Bitcoin ETF Rally Creates Ripple Effect: El Salvador’s Bonds Skyrocket 62%

By Bitcoinist - 9 months ago - Reading Time: 3 minutes

Bitcoin ETF Rally Creates Ripple Effect: El Salvador’s Bonds Skyrocket 62%

The spectacular performance of El Salvador’s bonds, which saw an astonishing 62% increase over the past six months, impressed investors. The adoption of Bitcoin as a recognized payment mechanism marked a dramatic improvement in the country’s financial fortunes.

El Salvador’s bonds rose with the increase in Bitcoin prices, demonstrating an unexpected and surprising correlation between the two commodities. The increase in Bitcoin prices was driven by the advent of Exchange-Traded Funds (ETFs).

El Salvador’s choice to adopt Bitcoin as part of its economy improved the country’s financial situation and showed how positively cryptocurrencies could affect established economic systems.

The country’s bonds rose to previously unheard-of heights as prices of the top crypto recovered due to increasing investor interest in ETFs, showing the newfound economic potential and the significance of digital currencies worldwide.

Cryptocurrencies Reshaping Economies

This unanticipated coupling of Bitcoin and the country’s bonds offered a motivating case study for investors and governments everywhere, luring more significant investigation into the function of cryptocurrencies in reshaping contemporary financial landscapes.
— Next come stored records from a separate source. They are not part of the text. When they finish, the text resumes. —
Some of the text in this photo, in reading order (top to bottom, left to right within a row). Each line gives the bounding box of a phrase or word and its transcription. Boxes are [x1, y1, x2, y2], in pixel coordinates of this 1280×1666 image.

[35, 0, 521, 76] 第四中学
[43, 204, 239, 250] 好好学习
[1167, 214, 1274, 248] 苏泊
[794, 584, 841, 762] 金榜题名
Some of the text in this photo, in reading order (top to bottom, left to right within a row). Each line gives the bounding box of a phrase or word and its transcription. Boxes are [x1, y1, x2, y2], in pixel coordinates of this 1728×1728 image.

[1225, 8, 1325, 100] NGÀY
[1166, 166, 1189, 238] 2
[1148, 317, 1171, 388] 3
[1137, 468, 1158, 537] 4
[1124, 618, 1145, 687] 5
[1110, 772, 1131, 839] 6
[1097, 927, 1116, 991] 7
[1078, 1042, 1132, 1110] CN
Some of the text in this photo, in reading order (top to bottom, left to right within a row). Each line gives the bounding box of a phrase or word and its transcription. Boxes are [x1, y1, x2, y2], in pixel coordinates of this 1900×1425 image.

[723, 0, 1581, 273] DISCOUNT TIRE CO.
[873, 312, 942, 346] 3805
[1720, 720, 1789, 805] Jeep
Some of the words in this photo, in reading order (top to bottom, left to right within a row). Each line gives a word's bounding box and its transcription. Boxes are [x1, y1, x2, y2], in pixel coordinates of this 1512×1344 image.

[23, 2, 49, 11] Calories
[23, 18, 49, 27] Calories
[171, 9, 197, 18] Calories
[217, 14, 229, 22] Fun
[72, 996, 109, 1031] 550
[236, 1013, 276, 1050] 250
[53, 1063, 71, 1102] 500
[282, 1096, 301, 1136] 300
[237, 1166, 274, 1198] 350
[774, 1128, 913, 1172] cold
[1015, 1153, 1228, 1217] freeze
Midway through 2021, El Salvador declared Bitcoin a legal tender and started stockpiling the digital currency. According to figures by Bloomberg, the nation held 2,546 bitcoin as of April. According to the most recent market data, the digital assets, which cost $108.2 million to purchase, are now worth $76.6 million.

It did not go down very well when El Salvador decided to adopt and begin amassing bitcoins as a form of currency. Rating agencies and the International Monetary Fund both continued to express their disapproval of the move.

Meanwhile, based on Factset statistics, one of the biggest holders of El Salvador’s debt, the Invesco Emerging Markets Sovereign Debt ETF (PCY), has underperformed the country’s international bonds.

The nation said in January that it had paid back a $800 million bond that Moody’s had anticipated it would not be able to.

El Salvador’s debt rating declined in September 2022, and according to forecasts, a default could occur in January 2023. Since then, the price of the nation’s junk-rated bonds has soared, following the trend of Bitcoin.

On Debt Ratings And Junk Bonds

A debt rating is an evaluation provided by ratings agencies such as Fitch or Moody’s to assess the creditworthiness and risk associated with a country’s or a company’s debt securities (such as bonds). The rating helps investors and creditors gauge the likelihood of the issuer defaulting on its debt obligations.

“Junk-rated bonds” refer to bonds rated below investment grade (typically BB and below), indicating an increased risk of default. The increase in value of these bonds suggests that investors may have become more optimistic, or that market conditions drove bond prices higher despite the elevated risk.

Bitcoin Tries To Move Past $30,000

Bitcoin’s price considerably increased over its performance in 2022, even though it is presently fighting to stay over $30,000 with a heavy resistance near $31,000.

At the time of writing, Bitcoin was trading at $29,840, down 1.1% in the last 24 hours, and losing nearly 5% in value in the last seven days, data from crypto market tracker Coingecko shows.

A more general market tendency appears to manifest in the recent change in Salvador’s bond fortunes. Notably, compared to investment-grade bonds earlier this year, the performance of not only the country’s but also junk-rated bonds from other nations, including Turkey, Argentina, and Nigeria, has increased noticeably.

Indications are growing that El Salvador’s bond market fortunes are not unique but part of a more prominent pattern affecting other emerging market economies.